On the basis of previous EPR^44,46, cysteine accessibility⁴⁷ or smFRET^32,33,47 studies on LeuT, it has been suggested that Na⁺ and Li⁺ promotes an outward-open/inward-closed state of the transporter. Our tmFRET measurements, however, did not reveal any effect of Na⁺ nor Li⁺ (that have smaller radii than K⁺) in comparison with the larger ions (Rb⁺, Cs⁺, Ch⁺, NMDG⁺, Tris⁺) that do not support substrate binding. It is therefore interesting to note that K⁺ was used as control for Na⁺ in the previous cysteine accessibility⁴⁷ or smFRET^32,33,47 studies, indicating that the ability of K⁺ to promote a more outward-closed conformation might have been missed. Indeed we observed that the change in tmFRET, and thus the conformational change in response to K⁺, was attenuated by Na⁺ and fully blocked by leucine in combination with Na⁺. This could reflect that the K⁺-induced, presumably outward-closed conformation is coupled to reorganization of the Na⁺ sites as well as the substrate site. Importantly, the crystal structure of inward-facing LeuT also displayed large distortions of the substrate and Na⁺ sites (PDB: 3TT3). We found moreover that Na⁺ (and Li⁺ with a lower potency) could return LeuT to the outward-open state, starting from a transporter population in an outward-closed state promoted by K⁺. The addition of substrate potentiated the ability of Na⁺ to return LeuT to the outward-open state.

Although the measurements did not reveal an effect of Na⁺ on the maximum tmFRET values, Na⁺ and Li⁺ (as well as K⁺ and Rb⁺) did appear to increase Ni²⁺ affinity for the EL4 His-X₃-His site, suggesting that these ions upon binding cause a change in the secondary structure of EL4. Indeed, Na⁺-induced changes in EL4 have been reported with EPR spectroscopy²⁹, and tmFRET has proven eligible for probing changes in α-helical secondary structure^40,43. When interpreting our data, we should also note that tmFRET between EL4 and TM10 obtained in Na⁺±leucine appeared to deviate towards a more closed conformation for LeuT WT^tmFRET compared with tmFRET values expected from crystal structures (Supplementary Fig. 3). However, tmFRET is based on ensemble measurements of a dynamic protein, which might reflect an average of conformations with a mean distance that differ from the measurements based on crystal structures. Finally, we should note that in the presence of Na⁺, our tmFRET measurements indicated an apparent decrease in the EL2–EL4 distance on addition of leucine but an equivalent decrease was not seen between EL2 and TM10 (Figs 2e and 3a). According to the available LeuT crystal structures^11,17, a decrease could be expected in both directions, that is, in the presence of both Na⁺ and leucine, the transporter should assume a more outward-closed configuration involving a decrease in the two distances. At this stage, we do not have an immediate explanation for this apparent discrepancy; however, crystal structures are static and may not reflect the entire ensemble of movements taking place in the protein in response to binding of ions and substrate.

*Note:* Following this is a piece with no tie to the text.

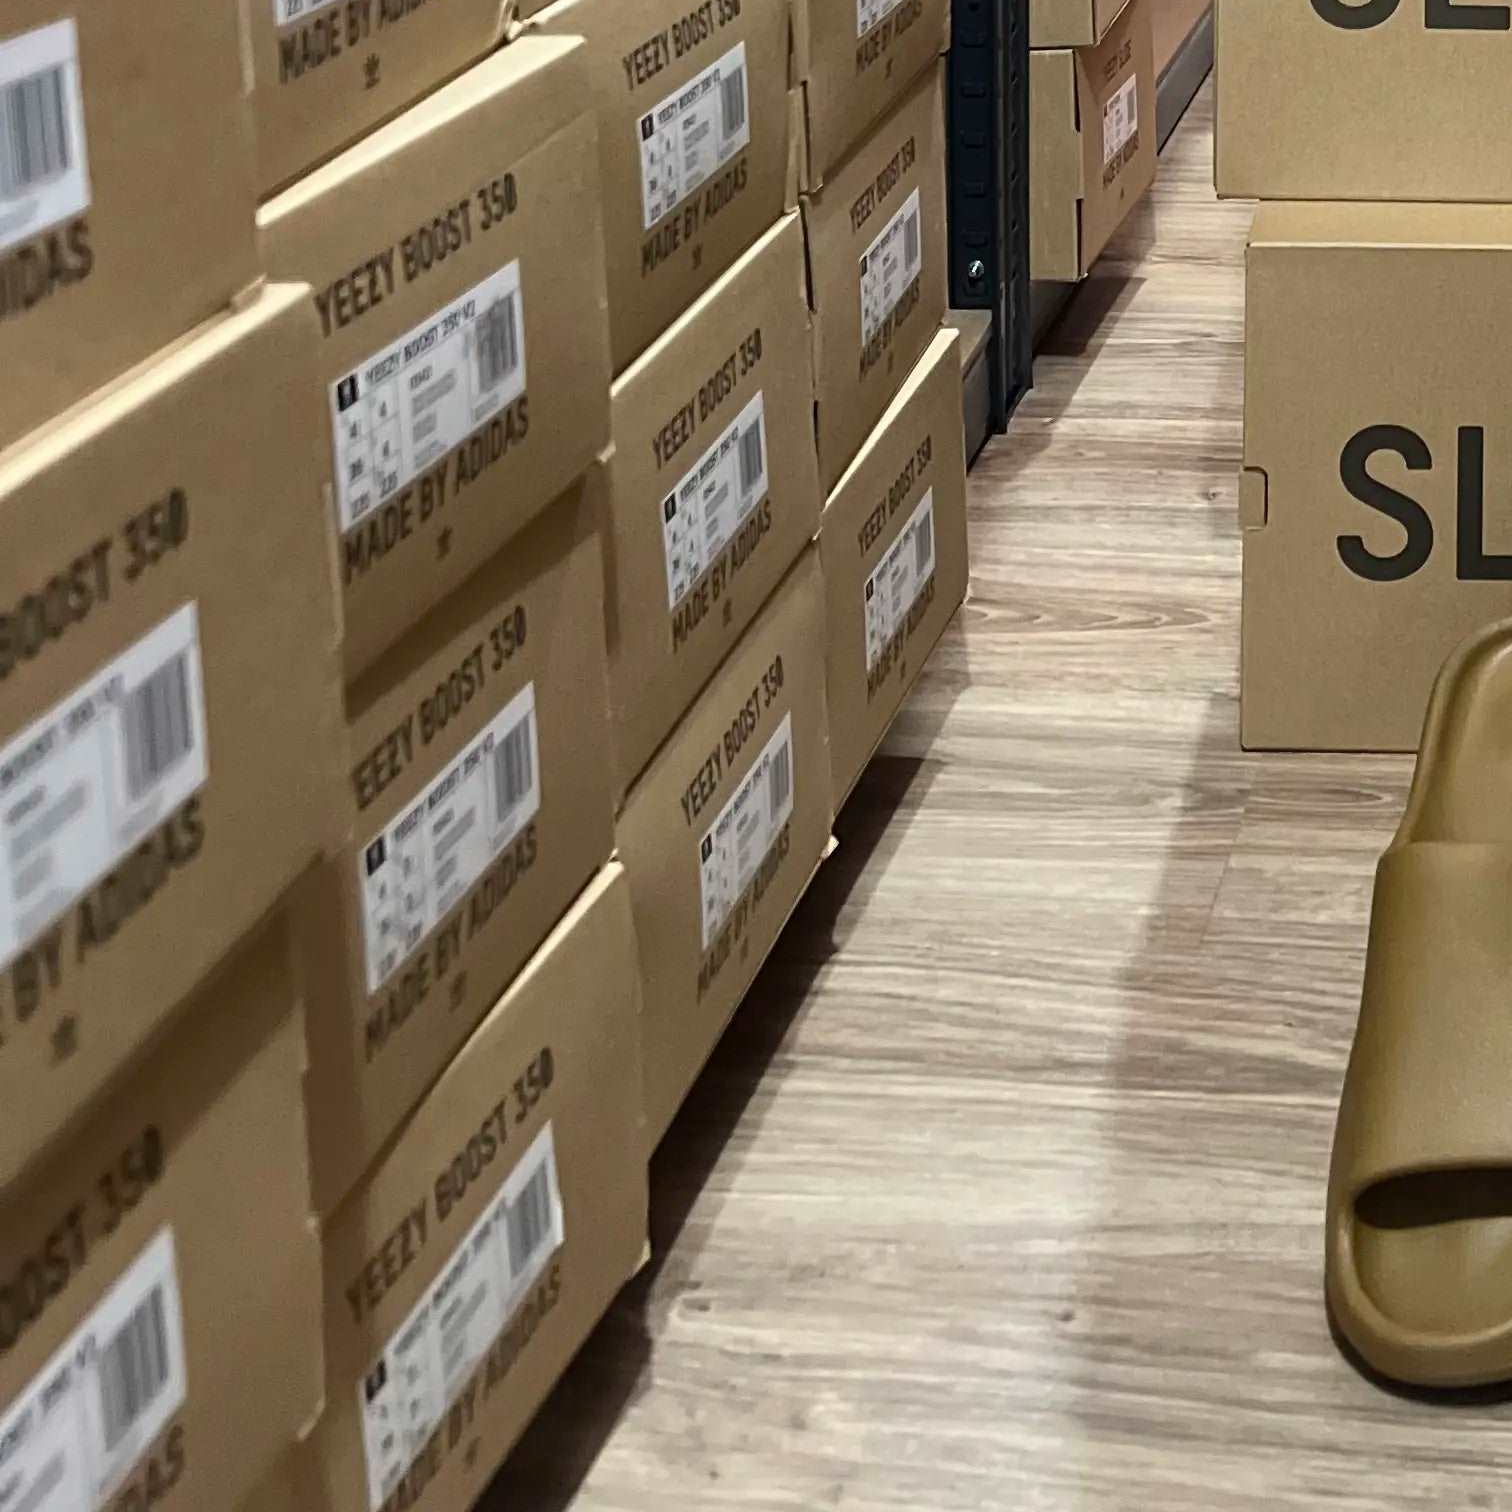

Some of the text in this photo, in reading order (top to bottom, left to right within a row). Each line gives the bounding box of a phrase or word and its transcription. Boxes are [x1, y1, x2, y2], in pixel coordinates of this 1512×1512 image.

To probe K⁺ binding when LeuT is stabilized in the outward-open state, we mutated Arg30 (R30A^tmFRET) to disrupt the conserved Arg30–Asp404 salt bridge³². The tmFRET measurements confirmed that R30A^tmFRET in the absence of binding ions was more open to the outside compared with WT^tmFRET. We observed no tmFRET-response to K⁺ for R30A^tmFRET. Intriguingly, tmFRET values for R30A^tmFRET between TM10 and EL4 were in the expected range when the Arg30–Asp404 salt bridge was disrupted (Fig. 5 and Supplementary Fig. 3). The data suggest that K⁺ binding to the outward-facing conformation of LeuT is highly improbable under the investigated concentrations of Na⁺ and substrate. Another possibility would be that Arg30 participates directly in K⁺ binding; however, we find this less likely. Given our strong evidence that K⁺ preferentially binds that outward-closed/inward-facing conformation, it is striking that when biasing the transport towards the outward-open/inward-closed conformation by mutating Arg30, the effect of K⁺ is essentially gone (as would be expected). Moreover, as internal K⁺ stimulates the accumulation of substrate, K⁺ is likely to bind from the inside making it less likely that K⁺ binds in the extracellular vestibule¹⁷.

To probe the possible role of the Na sites in K⁺ binding, we mutated the Na1 and Na2 site in LeuT, respectively. Thr254 was substituted with Val (T254V^tmFRET) to disrupt the Na1 site and, as expected, [³H]leucine affinity was greatly reduced in this mutant, because Na1 is required for coordination of the substrate carboxy-moiety¹¹. The mean tmFRET between TM10 and EL4, however, was unchanged for T254V^tmFRET compared with WT^tmFRET (in Cs⁺, Ch⁺, Na⁺). In 800 mM K⁺, we observed a significantly higher, tmFRET compared with Ch⁺ but the increase was markedly smaller than for WT^tmFRET and so small that we could not reliably determine the EC₅₀ for the K⁺ effect. Thus, it is possible that an intact Na1 site is required for K⁺ binding but because of the functional perturbation of LeuT by the T254V mutation, it is not possible to conclude whether T254V disrupts coordination of K⁺, or perturbs the conformational change required for K⁺ binding. Indeed, the mutation did not ablate the K⁺ effect completely.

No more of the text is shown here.